The book is split into two sections; the first is dedicated to expounding and explaining the films within the perspective of the trilogy, and the second, a defense of Pasolini’s work.  Three appendices offer charts of the narrative structures to clarify the correlations between the films and the texts.  Readers should not be misled at the outset about the subject matter of the book, for it has little to do with Chaucer and Boccaccio other than to use their works as a backdrop for Pasolini’s visualization.  Both Pasolini and Blandeau seem to have a very patronizing perception of the culture of the Middle Ages.  This belief in the “decadence” of the Middle Ages, combined with a cherry-picking of the texts, creates a perfect medium, not only for Pasolini’s irreverent films, but also for Blandeau’s defense of them.  Since Pasolini was “not a medievalist with advanced knowledge of the text,” it would seem that this exploitation was unintentional; however Blandeau highlights Pasolini’s desire to show a “certain Middle Ages” by purposefully reverting to the most scatological and ribald of the Tales and Decameron and discarding all of the “noble” stories (as well as the frame stories). 

To be fair, Blandeau does not attempt to equate the films with the original texts, but instead concentrates her examination on the aesthetics and semiotics of Pasolini’s work.  Although viewed by many as pornographic when first released, Blandeau makes a case for the modality of the film genre in general and Pasolini’s vision in particular as being sufficient to change this perception to one of subversive intent.  Blandeau hopes that through the “universal language of cinema,” The Canterbury Tales can be brought to a general audience as opposed to “a happy few specialists.”  Inversely, the subjectivity of the cinema medium is more likely to alienate members of the audience who do not understand or who disagree with Pasolini’s artistic rendering of the texts.  In fact, the general reception of Pasolini’s works was such that this revulsion was the more logical outcome, no matter what the intent of the director.  Blandeau’s claim that critics have deliberately disregarded Pasolini’s intentions and that the “public and intellectuals interpreted the work in a biased, erroneous way” establishes the difficulty of gleaning this “alternate reading” from the films and the unreliability of semiotics to show intent.

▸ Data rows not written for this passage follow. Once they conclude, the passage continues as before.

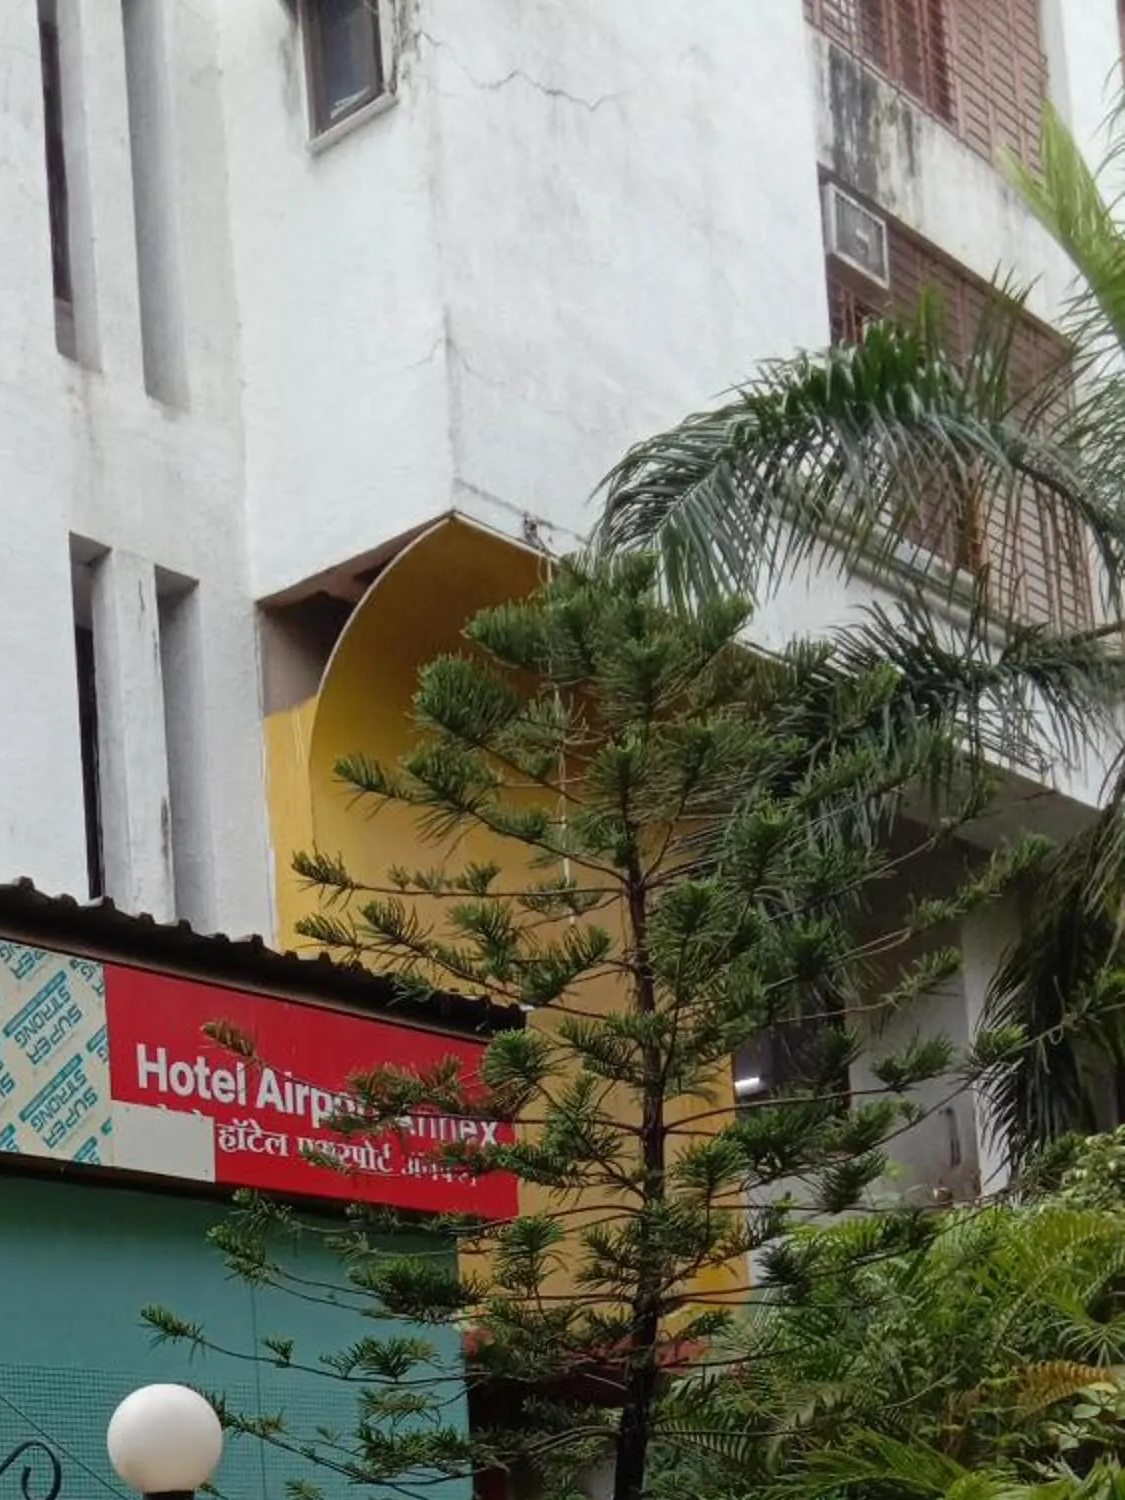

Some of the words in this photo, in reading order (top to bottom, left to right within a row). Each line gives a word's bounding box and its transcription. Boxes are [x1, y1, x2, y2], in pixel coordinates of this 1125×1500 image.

[14, 985, 71, 1048] STRONG
[26, 1003, 82, 1065] SUPER
[30, 1069, 87, 1132] STRONG
[136, 1043, 247, 1106] Hotel
[255, 1067, 381, 1128] Airpo
[43, 1086, 98, 1149] SUPER
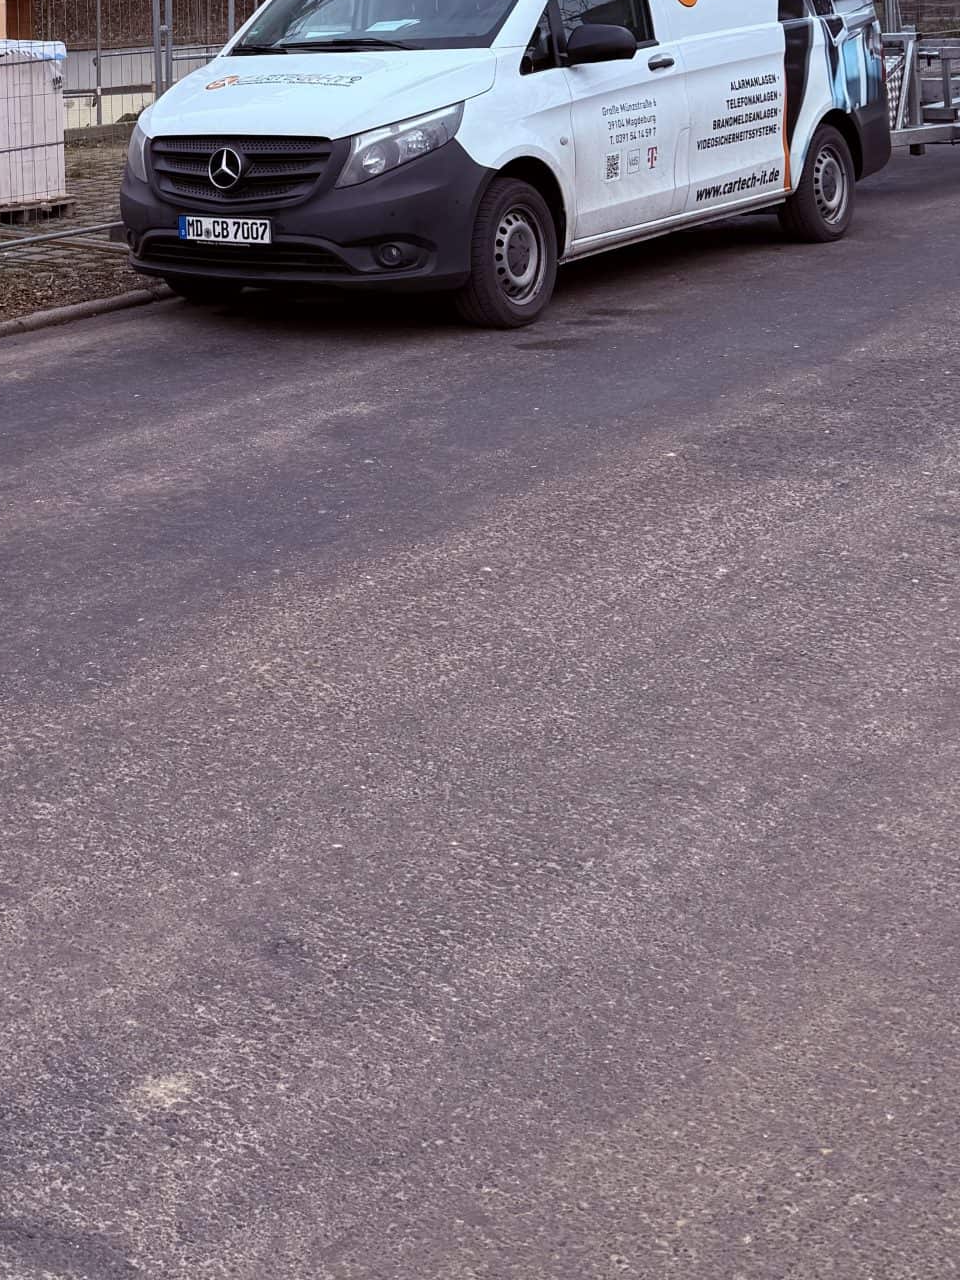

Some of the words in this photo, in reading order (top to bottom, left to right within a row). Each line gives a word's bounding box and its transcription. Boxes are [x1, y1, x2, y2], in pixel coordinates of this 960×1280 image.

[730, 74, 777, 91] ALARMANLAGEN
[726, 91, 778, 110] TELEFONANLAGEN
[713, 108, 778, 131] BRANDMELDEANLAGEN
[697, 124, 777, 151] VIDEOSICHERHEITSSYSTEME
[696, 168, 780, 202] www.cartech-it.de
[187, 220, 203, 237] MD
[213, 220, 229, 239] CB
[233, 221, 268, 240] 7007

The auteur theory which Blandeau propones, serves to justify the departure that Pasolini’s trilogy takes from the original texts.  Even the order of the film credits (which are not atypical) are used to minimize the value attached to the texts but also signify the film as “a posteriori.”  The films do provide an “alternate reading” of the medieval texts, however this reading is purely that of the auteur Pasolini, and, having previously viewed the films, one that certainly warrants explanation.  Pasolini, Chaucer and Boccaccio sheds some much needed light on Pasolini’s “translation,” perhaps fulfilling the goal of renewing the films, if not the Tales themselves.  Unfortunately, the book employs some very dense theoretical language and at times can be prolix to the point of confusion, further convoluting an already complicated philosophy.

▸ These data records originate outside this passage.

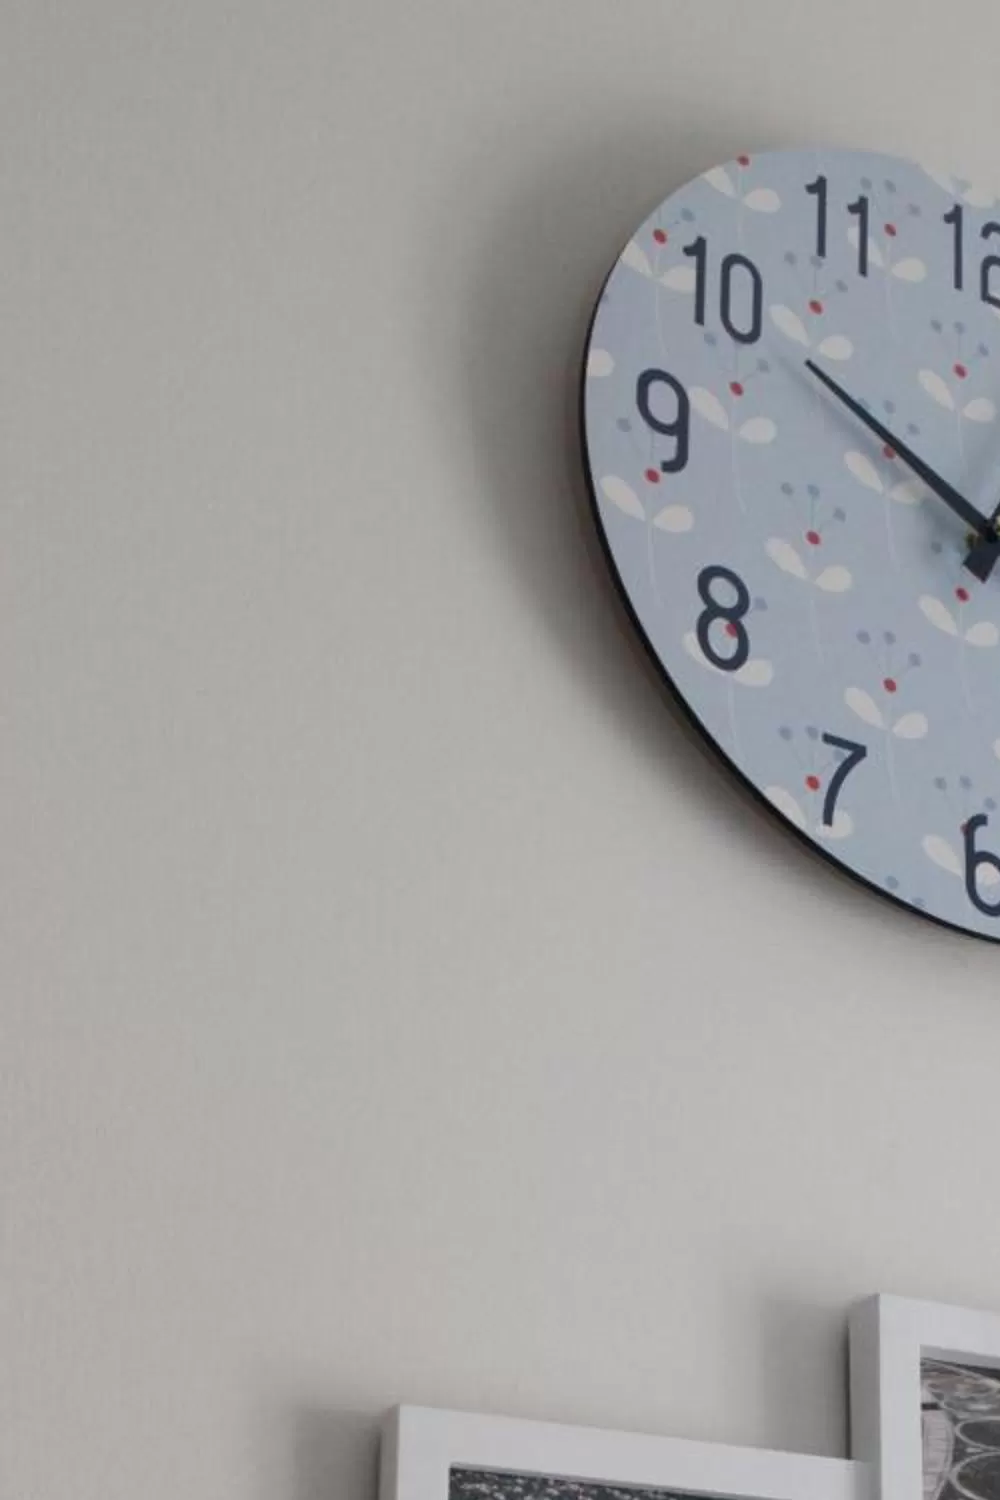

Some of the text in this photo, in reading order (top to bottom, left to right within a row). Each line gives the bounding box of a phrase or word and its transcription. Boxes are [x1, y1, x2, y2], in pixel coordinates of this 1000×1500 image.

[805, 175, 869, 278] 11
[682, 235, 763, 345] 10
[635, 368, 690, 474] 9
[696, 565, 751, 672] 8
[821, 732, 867, 827] 7

Blandeau’s interpretations in Pasolini, Chaucer and Boccaccio: Two Medieval Texts and their Translation to Film will be of value to the fan or student of Pasolini or Italian neorealistic film, and certainly to one interested in modern interpretations of medieval culture.  However, it is an extremely specialized study and should not be used as an entrée into the world of Chaucer and Boccaccio.  Prior knowledge of film theory and semiotics is necessary for the appreciation of the book.  Although Blandeau adequately proves her thesis, it is not one of much use for the average student of medieval history or literature.